● Exercise directions
In full and without deviation, reproduce the records that follow.

Source data
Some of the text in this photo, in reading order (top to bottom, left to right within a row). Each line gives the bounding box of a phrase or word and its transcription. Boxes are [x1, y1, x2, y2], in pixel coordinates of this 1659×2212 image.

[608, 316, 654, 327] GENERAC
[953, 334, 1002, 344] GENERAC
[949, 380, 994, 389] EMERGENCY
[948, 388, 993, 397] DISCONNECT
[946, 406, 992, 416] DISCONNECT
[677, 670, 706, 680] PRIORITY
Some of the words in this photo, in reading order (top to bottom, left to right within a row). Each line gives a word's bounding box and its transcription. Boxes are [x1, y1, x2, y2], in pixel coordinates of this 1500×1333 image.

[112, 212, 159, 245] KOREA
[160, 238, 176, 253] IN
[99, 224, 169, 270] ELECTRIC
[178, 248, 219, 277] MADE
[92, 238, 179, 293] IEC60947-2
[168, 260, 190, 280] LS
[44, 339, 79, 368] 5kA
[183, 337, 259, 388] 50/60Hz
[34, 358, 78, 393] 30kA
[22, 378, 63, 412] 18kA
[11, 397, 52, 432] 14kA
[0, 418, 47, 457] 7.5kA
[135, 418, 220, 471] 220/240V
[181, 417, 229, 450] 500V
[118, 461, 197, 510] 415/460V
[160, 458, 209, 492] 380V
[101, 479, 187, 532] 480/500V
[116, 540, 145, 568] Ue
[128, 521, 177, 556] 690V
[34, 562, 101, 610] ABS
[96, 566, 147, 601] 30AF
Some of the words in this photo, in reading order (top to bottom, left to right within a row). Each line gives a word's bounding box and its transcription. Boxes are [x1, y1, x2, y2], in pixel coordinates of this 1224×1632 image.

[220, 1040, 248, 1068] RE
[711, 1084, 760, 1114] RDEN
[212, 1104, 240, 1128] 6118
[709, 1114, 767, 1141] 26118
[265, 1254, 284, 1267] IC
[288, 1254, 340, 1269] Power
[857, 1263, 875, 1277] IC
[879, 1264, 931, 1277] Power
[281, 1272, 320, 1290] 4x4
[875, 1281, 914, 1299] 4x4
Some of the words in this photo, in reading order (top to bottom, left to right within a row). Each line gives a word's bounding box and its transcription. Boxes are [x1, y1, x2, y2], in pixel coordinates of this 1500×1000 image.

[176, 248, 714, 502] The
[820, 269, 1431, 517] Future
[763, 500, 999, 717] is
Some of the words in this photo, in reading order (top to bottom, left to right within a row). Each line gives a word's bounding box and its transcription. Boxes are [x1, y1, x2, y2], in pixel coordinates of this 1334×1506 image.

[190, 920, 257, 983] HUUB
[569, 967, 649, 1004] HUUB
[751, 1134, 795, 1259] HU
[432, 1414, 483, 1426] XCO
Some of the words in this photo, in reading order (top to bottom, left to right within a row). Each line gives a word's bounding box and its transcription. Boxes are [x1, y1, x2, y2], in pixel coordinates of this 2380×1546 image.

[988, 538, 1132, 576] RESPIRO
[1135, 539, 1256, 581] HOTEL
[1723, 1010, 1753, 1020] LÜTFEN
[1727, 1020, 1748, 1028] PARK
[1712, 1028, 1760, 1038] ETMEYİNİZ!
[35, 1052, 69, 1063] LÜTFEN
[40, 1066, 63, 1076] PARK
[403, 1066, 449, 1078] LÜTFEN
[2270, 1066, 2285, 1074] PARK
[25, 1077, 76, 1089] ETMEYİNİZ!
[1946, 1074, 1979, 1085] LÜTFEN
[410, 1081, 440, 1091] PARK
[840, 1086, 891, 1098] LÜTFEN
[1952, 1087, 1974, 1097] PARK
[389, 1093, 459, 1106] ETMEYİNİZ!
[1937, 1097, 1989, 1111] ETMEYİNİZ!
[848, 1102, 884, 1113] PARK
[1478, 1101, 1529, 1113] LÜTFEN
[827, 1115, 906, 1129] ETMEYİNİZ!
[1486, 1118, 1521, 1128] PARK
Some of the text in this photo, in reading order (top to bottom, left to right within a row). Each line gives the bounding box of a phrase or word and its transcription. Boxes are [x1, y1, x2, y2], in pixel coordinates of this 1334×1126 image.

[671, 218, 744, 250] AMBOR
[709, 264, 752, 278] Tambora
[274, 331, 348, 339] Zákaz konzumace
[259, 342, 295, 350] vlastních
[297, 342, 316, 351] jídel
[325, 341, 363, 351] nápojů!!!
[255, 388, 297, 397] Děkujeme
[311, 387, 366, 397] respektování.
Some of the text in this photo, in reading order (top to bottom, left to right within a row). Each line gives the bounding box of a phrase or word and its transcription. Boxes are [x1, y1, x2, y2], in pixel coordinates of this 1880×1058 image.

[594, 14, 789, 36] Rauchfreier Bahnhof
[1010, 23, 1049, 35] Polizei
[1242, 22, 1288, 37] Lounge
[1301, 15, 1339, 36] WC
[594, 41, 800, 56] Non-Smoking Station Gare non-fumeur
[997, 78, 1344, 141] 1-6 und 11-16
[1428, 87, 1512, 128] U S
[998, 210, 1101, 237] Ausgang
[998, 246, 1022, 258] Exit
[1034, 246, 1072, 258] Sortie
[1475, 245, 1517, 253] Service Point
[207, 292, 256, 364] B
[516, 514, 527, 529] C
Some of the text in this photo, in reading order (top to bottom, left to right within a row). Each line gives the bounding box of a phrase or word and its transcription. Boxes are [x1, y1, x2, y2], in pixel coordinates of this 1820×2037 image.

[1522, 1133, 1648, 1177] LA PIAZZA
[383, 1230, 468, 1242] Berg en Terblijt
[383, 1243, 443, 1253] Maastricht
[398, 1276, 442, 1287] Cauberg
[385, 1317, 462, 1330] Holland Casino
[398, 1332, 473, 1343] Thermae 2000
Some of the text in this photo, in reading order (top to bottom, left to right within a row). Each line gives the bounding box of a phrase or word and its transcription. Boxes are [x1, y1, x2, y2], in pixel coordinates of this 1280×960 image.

● Exercise solution
Some of the text in this photo, in reading order (top to bottom, left to right within a row). Each line gives the bounding box of a phrase or word and its transcription. Boxes are [x1, y1, x2, y2], in pixel coordinates of this 1659×2212 image.

[608, 316, 654, 327] GENERAC
[953, 334, 1002, 344] GENERAC
[949, 380, 994, 389] EMERGENCY
[948, 388, 993, 397] DISCONNECT
[946, 406, 992, 416] DISCONNECT
[677, 670, 706, 680] PRIORITY
Some of the words in this photo, in reading order (top to bottom, left to right within a row). Each line gives a word's bounding box and its transcription. Boxes are [x1, y1, x2, y2], in pixel coordinates of this 1500×1333 image.

[112, 212, 159, 245] KOREA
[160, 238, 176, 253] IN
[99, 224, 169, 270] ELECTRIC
[178, 248, 219, 277] MADE
[92, 238, 179, 293] IEC60947-2
[168, 260, 190, 280] LS
[44, 339, 79, 368] 5kA
[183, 337, 259, 388] 50/60Hz
[34, 358, 78, 393] 30kA
[22, 378, 63, 412] 18kA
[11, 397, 52, 432] 14kA
[0, 418, 47, 457] 7.5kA
[135, 418, 220, 471] 220/240V
[181, 417, 229, 450] 500V
[118, 461, 197, 510] 415/460V
[160, 458, 209, 492] 380V
[101, 479, 187, 532] 480/500V
[116, 540, 145, 568] Ue
[128, 521, 177, 556] 690V
[34, 562, 101, 610] ABS
[96, 566, 147, 601] 30AF
Some of the words in this photo, in reading order (top to bottom, left to right within a row). Each line gives a word's bounding box and its transcription. Boxes are [x1, y1, x2, y2], in pixel coordinates of this 1224×1632 image.

[220, 1040, 248, 1068] RE
[711, 1084, 760, 1114] RDEN
[212, 1104, 240, 1128] 6118
[709, 1114, 767, 1141] 26118
[265, 1254, 284, 1267] IC
[288, 1254, 340, 1269] Power
[857, 1263, 875, 1277] IC
[879, 1264, 931, 1277] Power
[281, 1272, 320, 1290] 4x4
[875, 1281, 914, 1299] 4x4
Some of the words in this photo, in reading order (top to bottom, left to right within a row). Each line gives a word's bounding box and its transcription. Boxes are [x1, y1, x2, y2], in pixel coordinates of this 1500×1000 image.

[176, 248, 714, 502] The
[820, 269, 1431, 517] Future
[763, 500, 999, 717] is
Some of the words in this photo, in reading order (top to bottom, left to right within a row). Each line gives a word's bounding box and its transcription. Boxes are [x1, y1, x2, y2], in pixel coordinates of this 1334×1506 image.

[190, 920, 257, 983] HUUB
[569, 967, 649, 1004] HUUB
[751, 1134, 795, 1259] HU
[432, 1414, 483, 1426] XCO
Some of the words in this photo, in reading order (top to bottom, left to right within a row). Each line gives a word's bounding box and its transcription. Boxes are [x1, y1, x2, y2], in pixel coordinates of this 2380×1546 image.

[988, 538, 1132, 576] RESPIRO
[1135, 539, 1256, 581] HOTEL
[1723, 1010, 1753, 1020] LÜTFEN
[1727, 1020, 1748, 1028] PARK
[1712, 1028, 1760, 1038] ETMEYİNİZ!
[35, 1052, 69, 1063] LÜTFEN
[40, 1066, 63, 1076] PARK
[403, 1066, 449, 1078] LÜTFEN
[2270, 1066, 2285, 1074] PARK
[25, 1077, 76, 1089] ETMEYİNİZ!
[1946, 1074, 1979, 1085] LÜTFEN
[410, 1081, 440, 1091] PARK
[840, 1086, 891, 1098] LÜTFEN
[1952, 1087, 1974, 1097] PARK
[389, 1093, 459, 1106] ETMEYİNİZ!
[1937, 1097, 1989, 1111] ETMEYİNİZ!
[848, 1102, 884, 1113] PARK
[1478, 1101, 1529, 1113] LÜTFEN
[827, 1115, 906, 1129] ETMEYİNİZ!
[1486, 1118, 1521, 1128] PARK
Some of the text in this photo, in reading order (top to bottom, left to right within a row). Each line gives the bounding box of a phrase or word and its transcription. Boxes are [x1, y1, x2, y2], in pixel coordinates of this 1334×1126 image.

[671, 218, 744, 250] AMBOR
[709, 264, 752, 278] Tambora
[274, 331, 348, 339] Zákaz konzumace
[259, 342, 295, 350] vlastních
[297, 342, 316, 351] jídel
[325, 341, 363, 351] nápojů!!!
[255, 388, 297, 397] Děkujeme
[311, 387, 366, 397] respektování.
Some of the text in this photo, in reading order (top to bottom, left to right within a row). Each line gives the bounding box of a phrase or word and its transcription. Boxes are [x1, y1, x2, y2], in pixel coordinates of this 1880×1058 image.

[594, 14, 789, 36] Rauchfreier Bahnhof
[1010, 23, 1049, 35] Polizei
[1242, 22, 1288, 37] Lounge
[1301, 15, 1339, 36] WC
[594, 41, 800, 56] Non-Smoking Station Gare non-fumeur
[997, 78, 1344, 141] 1-6 und 11-16
[1428, 87, 1512, 128] U S
[998, 210, 1101, 237] Ausgang
[998, 246, 1022, 258] Exit
[1034, 246, 1072, 258] Sortie
[1475, 245, 1517, 253] Service Point
[207, 292, 256, 364] B
[516, 514, 527, 529] C
Some of the text in this photo, in reading order (top to bottom, left to right within a row). Each line gives the bounding box of a phrase or word and its transcription. Boxes are [x1, y1, x2, y2], in pixel coordinates of this 1820×2037 image.

[1522, 1133, 1648, 1177] LA PIAZZA
[383, 1230, 468, 1242] Berg en Terblijt
[383, 1243, 443, 1253] Maastricht
[398, 1276, 442, 1287] Cauberg
[385, 1317, 462, 1330] Holland Casino
[398, 1332, 473, 1343] Thermae 2000
Some of the text in this photo, in reading order (top to bottom, left to right within a row). Each line gives the bounding box of a phrase or word and its transcription. Boxes are [x1, y1, x2, y2], in pixel coordinates of this 1280×960 image.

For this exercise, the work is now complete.